Pill Creek Views. Photographs by Keith Hambly-Staite
Artists such as Winifred Nicholson, Christopher Wood, Terry Frost, Ben Nicholson, and John Wells have painted or drawn pictures of the changing seasons reflected in the waters of the creek. Architects and master builders have contributed to the unique built landscape on its banks. As you look across the water you will see one of the most famous houses in England; a Grade One listed building, the first house designed by the internationally acclaimed architect by Richard Rogers in the 1960’s. On your right, as you walk along the footpath, you can see the early eighteenth century cottages built for the shipwrights who built the Fal barges, oyster dredging boats and schooners that carried copper ore to South Wales.

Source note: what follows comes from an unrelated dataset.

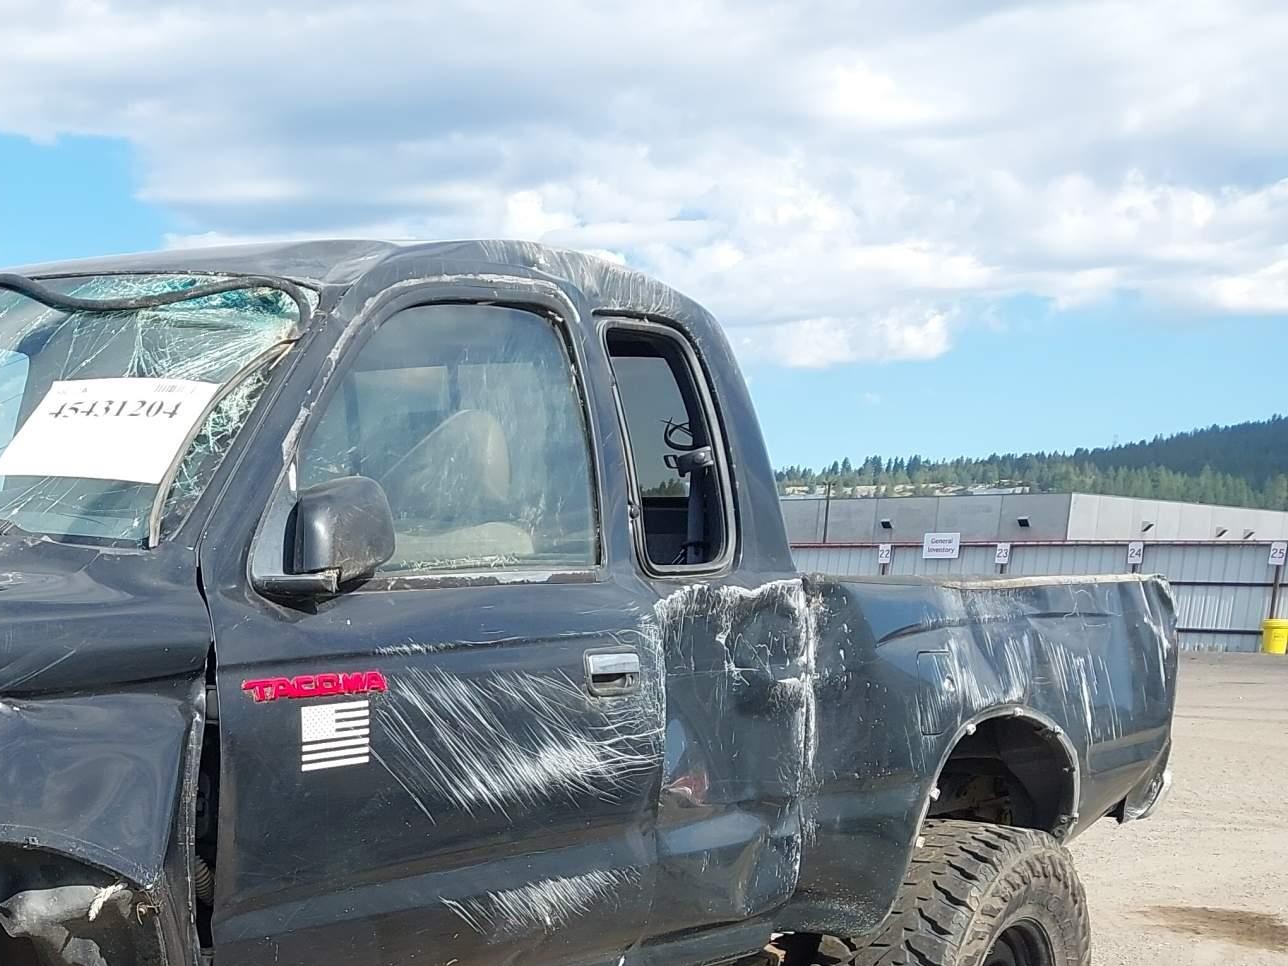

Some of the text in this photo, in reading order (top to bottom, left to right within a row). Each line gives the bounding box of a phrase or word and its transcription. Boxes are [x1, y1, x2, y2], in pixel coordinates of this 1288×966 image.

As you look eastwards, across the creek you will see the remains of the wharf, ship building yard and slipways used by the copper industry. Long trains of mules used to bring copper ore down from the mines in central Cornwall; latterly the wharfs were used by the owners of Trelissick House for leisure and recreation. One pair of eighteenth century houses near the wharfs was the village pub, and put to good use by the ship builders, pack horse drivers and thirsty mariners who worked in the area.
The protected nature of the creek attracts birds in the winter with several hundred black faced gulls roosting at high tide. Grey mullet are found in the summer, and oysters are farmed at the mouth of the creek running down into the Carrick Roads.